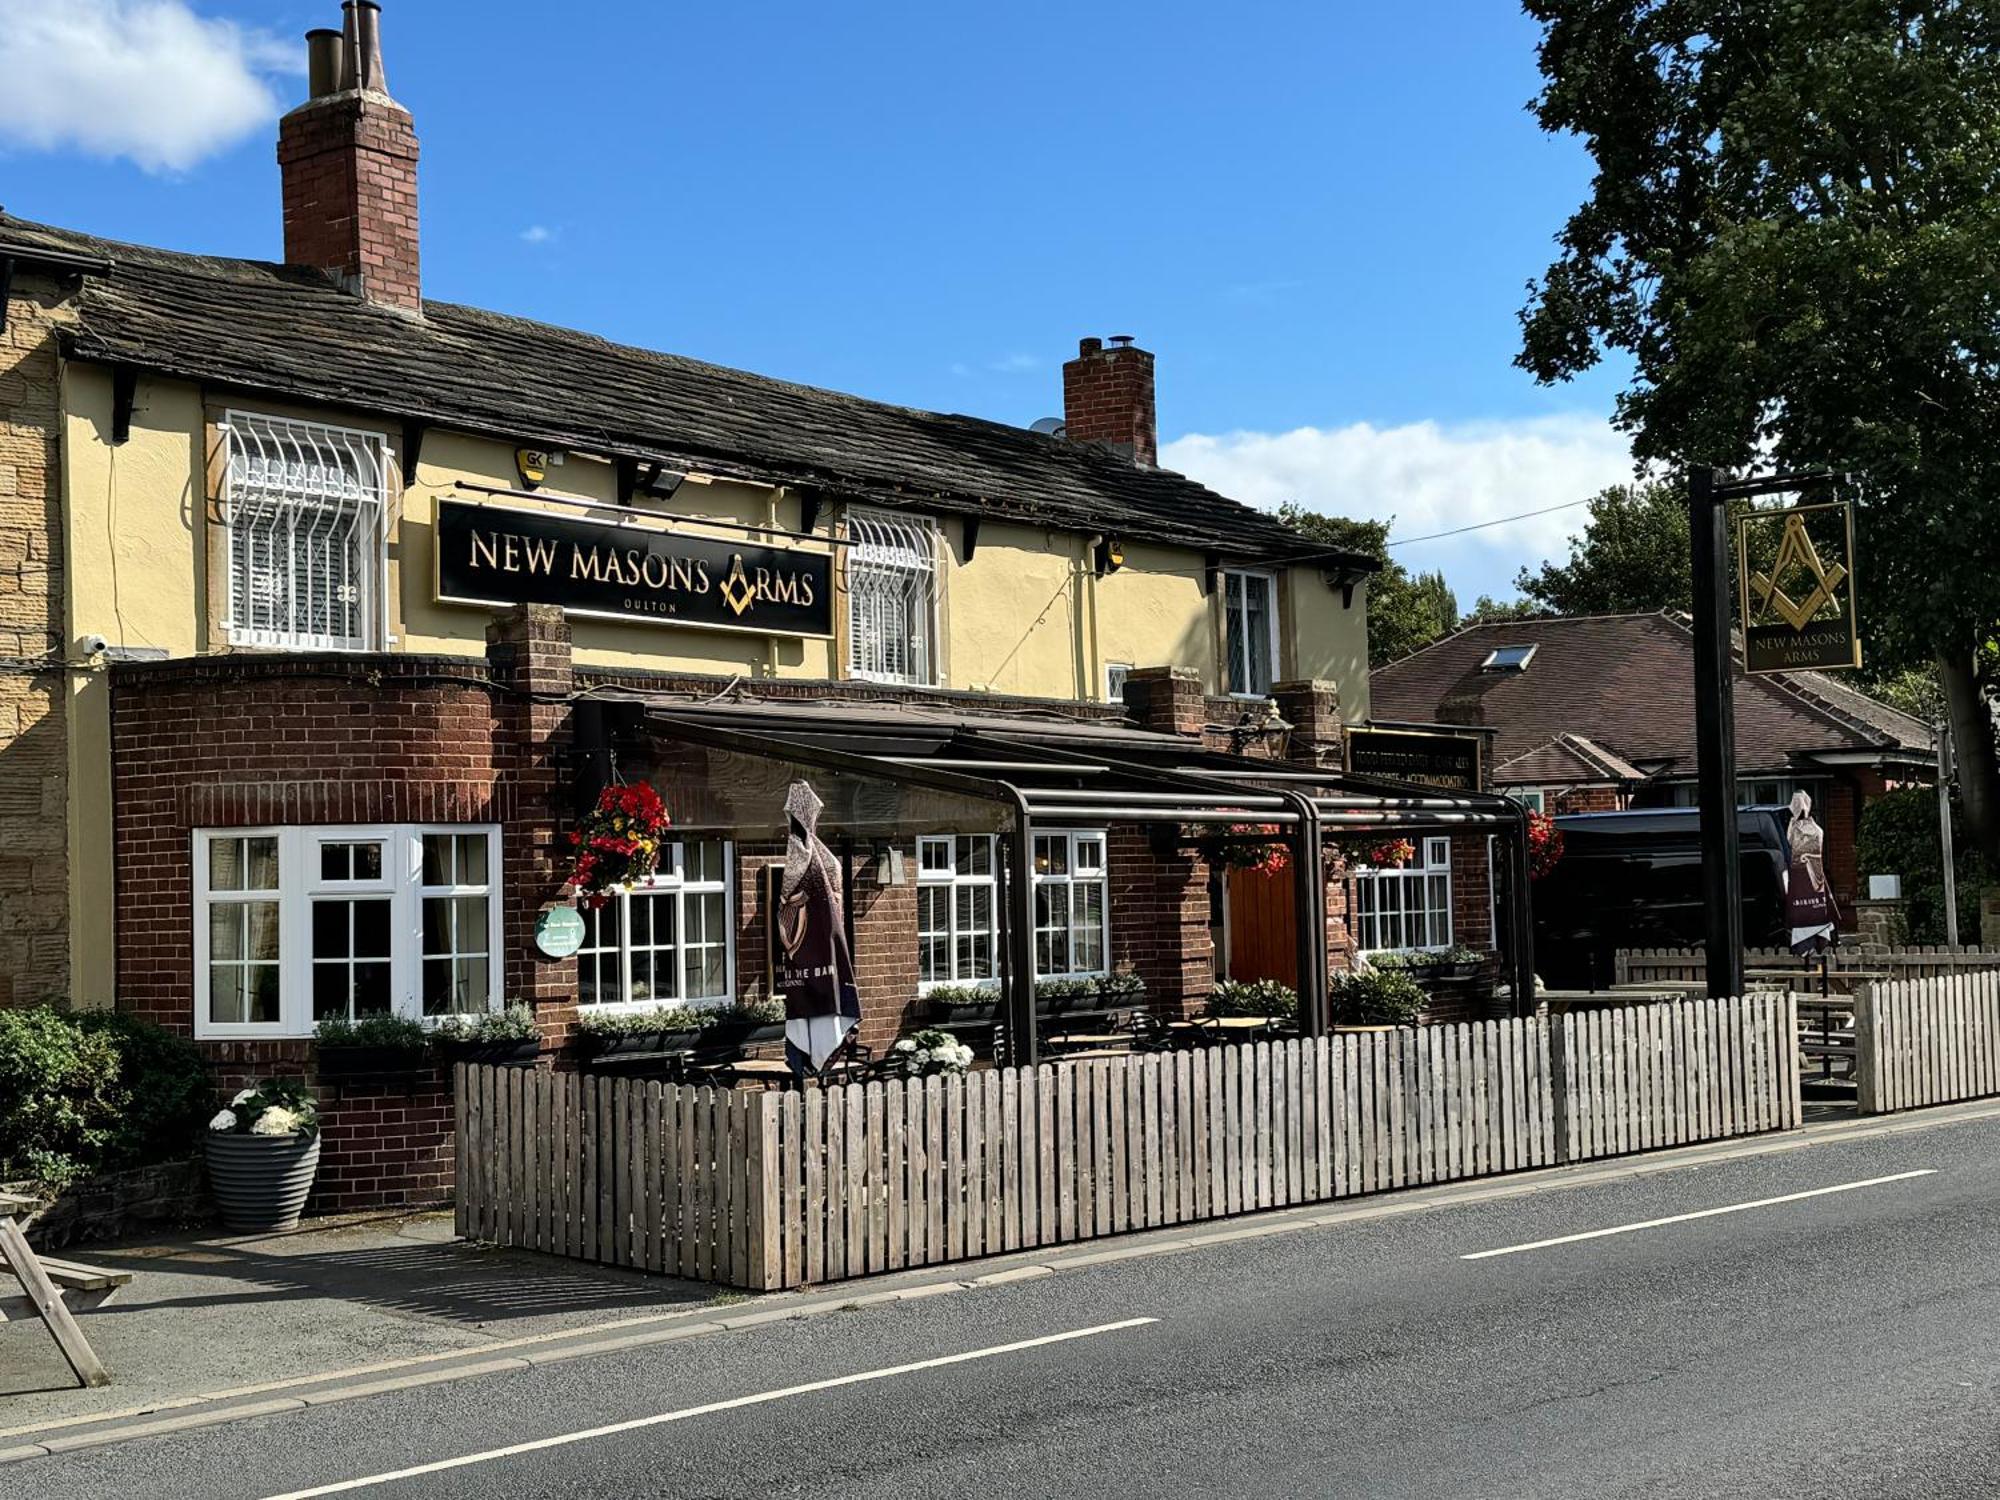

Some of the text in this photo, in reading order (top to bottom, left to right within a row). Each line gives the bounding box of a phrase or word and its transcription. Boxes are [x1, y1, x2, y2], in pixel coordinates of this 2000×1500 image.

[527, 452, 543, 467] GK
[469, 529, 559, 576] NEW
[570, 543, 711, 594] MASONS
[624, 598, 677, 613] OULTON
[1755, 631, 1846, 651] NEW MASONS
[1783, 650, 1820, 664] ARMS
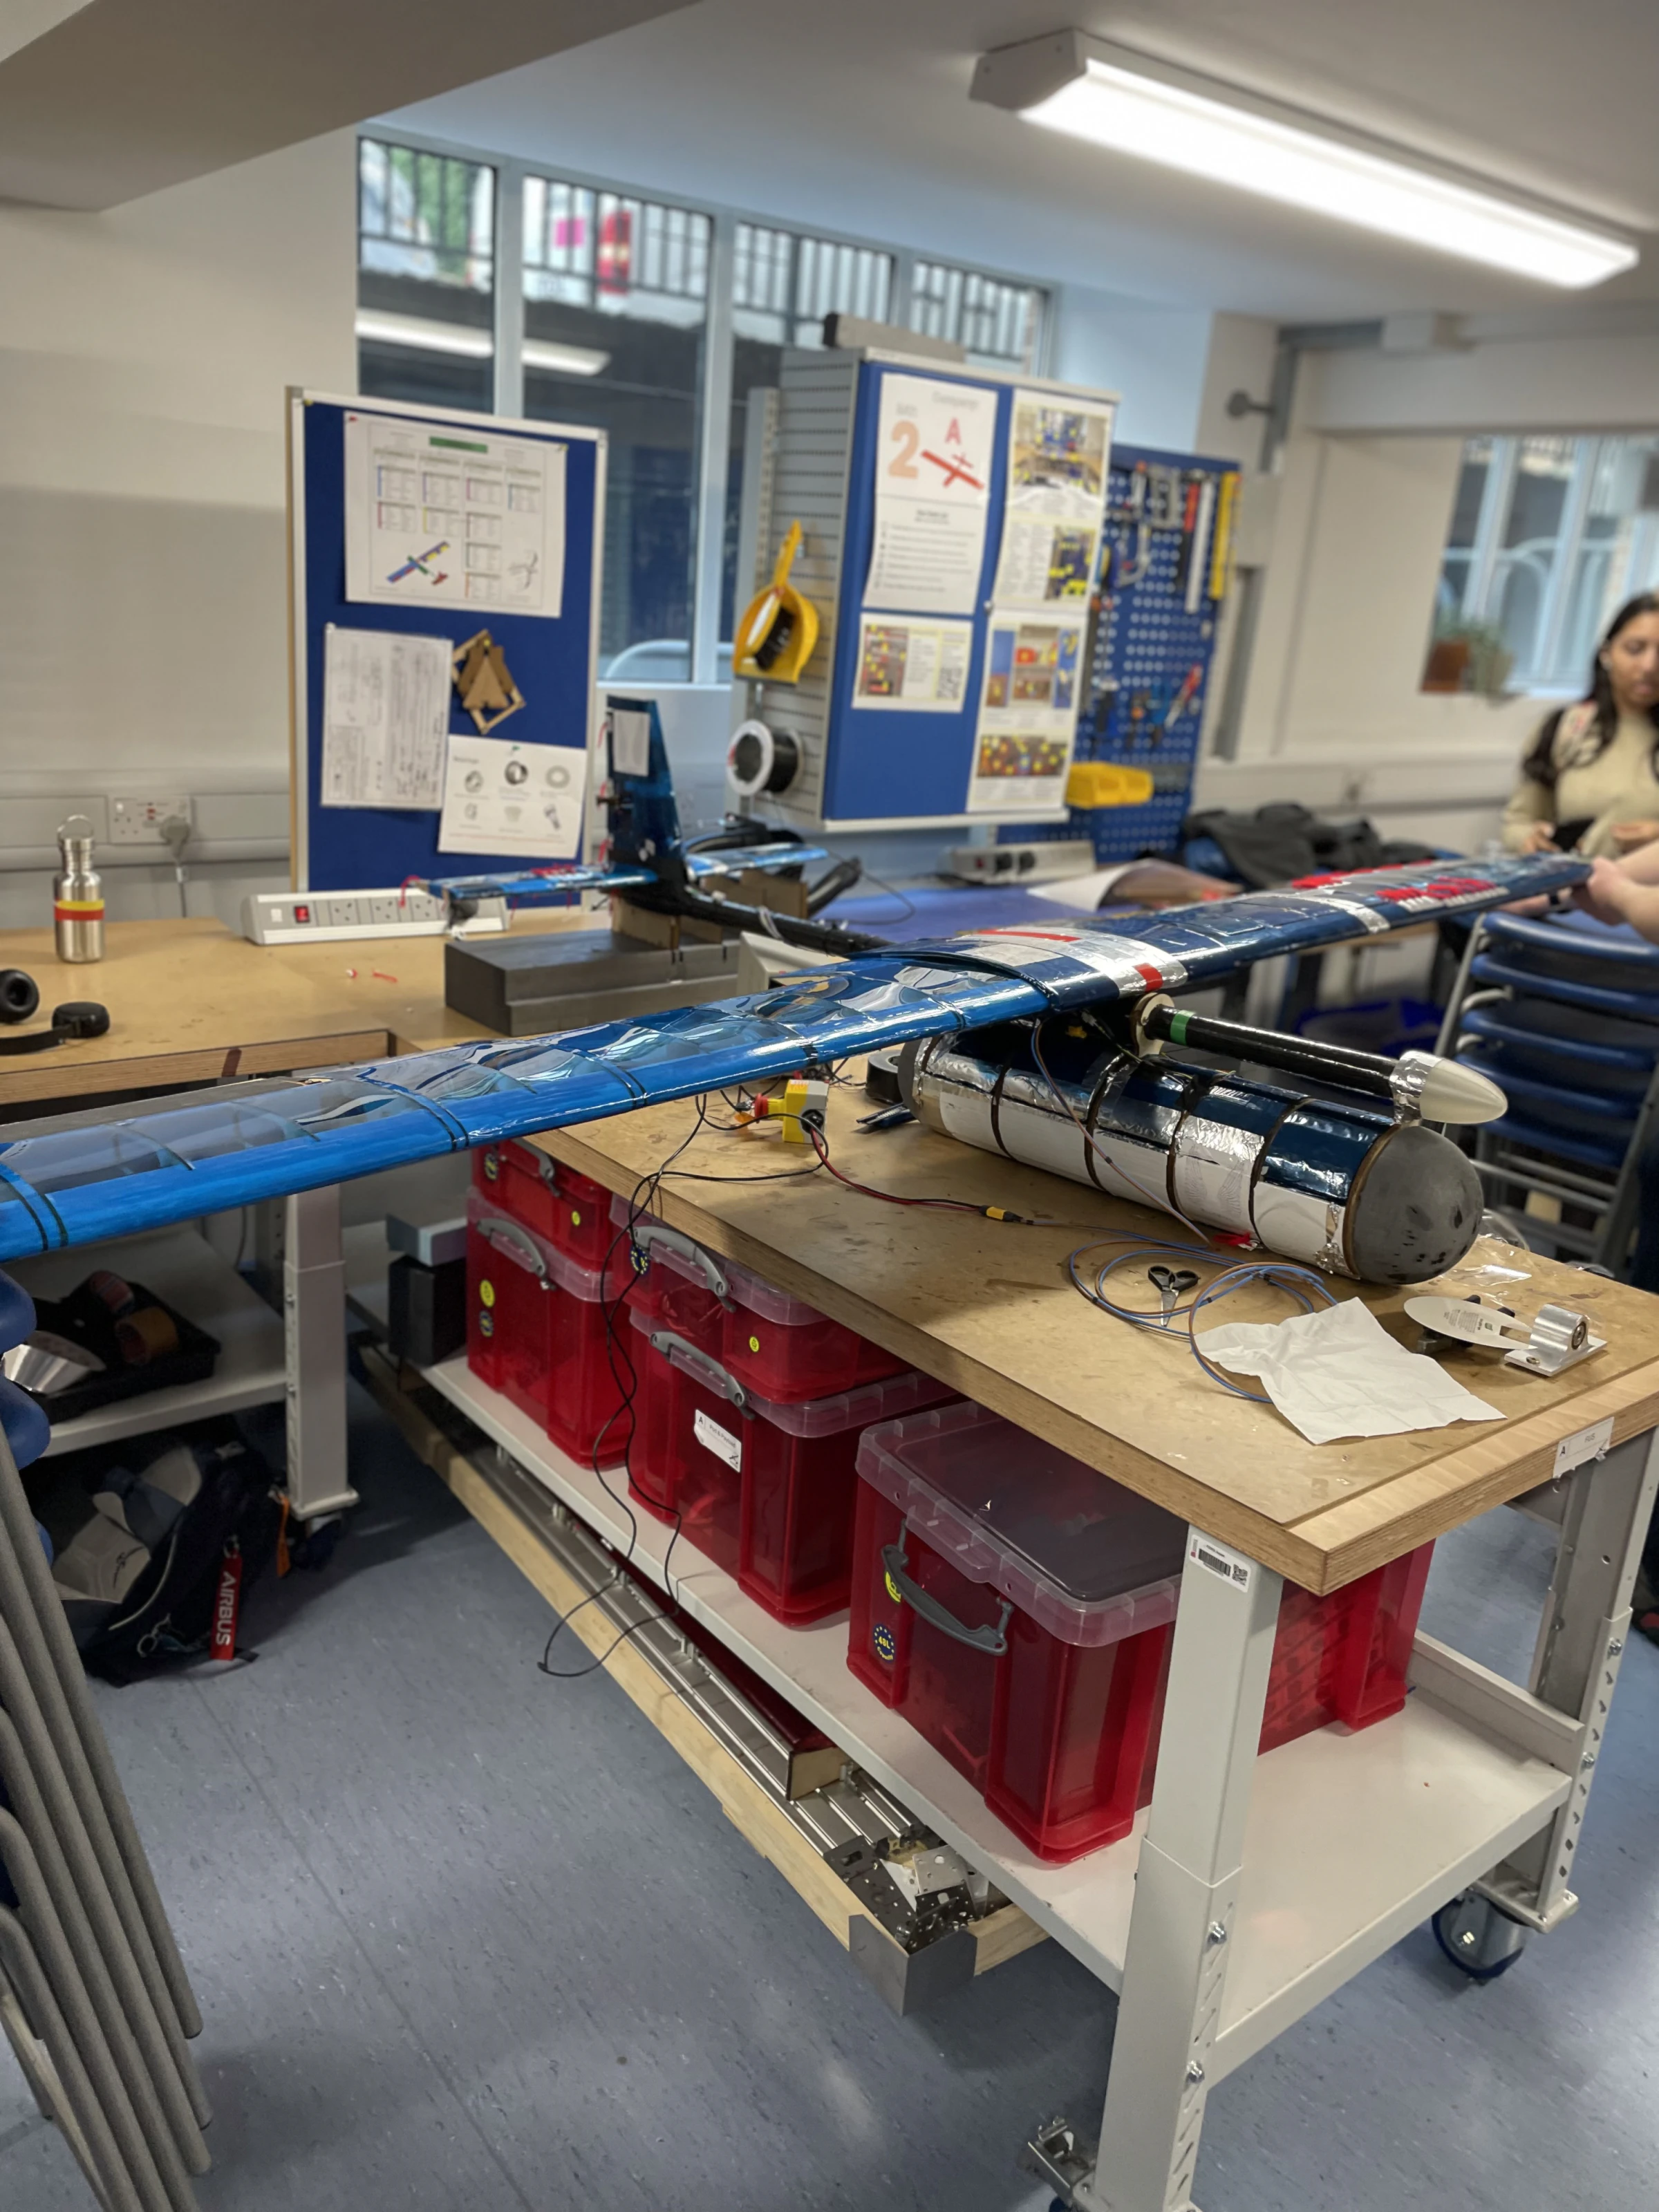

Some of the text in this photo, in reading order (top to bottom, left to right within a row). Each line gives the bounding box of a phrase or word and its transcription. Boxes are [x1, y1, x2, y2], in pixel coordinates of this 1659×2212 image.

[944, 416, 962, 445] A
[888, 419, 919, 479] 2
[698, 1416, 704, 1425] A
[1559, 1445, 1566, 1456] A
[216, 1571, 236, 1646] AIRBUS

→ **TASK OBJECTIVE**
Set down all of the material word for word, minus its pictures.

→ **ANSWER TO THE PROBLEM**
Some of the text in this photo, in reading order (top to bottom, left to right within a row). Each line gives the bounding box of a phrase or word and its transcription. Boxes are [x1, y1, x2, y2], in pixel coordinates of this 2000×1500 image.

[527, 452, 543, 467] GK
[469, 529, 559, 576] NEW
[570, 543, 711, 594] MASONS
[624, 598, 677, 613] OULTON
[1755, 631, 1846, 651] NEW MASONS
[1783, 650, 1820, 664] ARMS

Some of the text in this photo, in reading order (top to bottom, left to right within a row). Each line gives the bounding box of a phrase or word and its transcription. Boxes are [x1, y1, x2, y2], in pixel coordinates of this 1659×2212 image.

[944, 416, 962, 445] A
[888, 419, 919, 479] 2
[698, 1416, 704, 1425] A
[1559, 1445, 1566, 1456] A
[216, 1571, 236, 1646] AIRBUS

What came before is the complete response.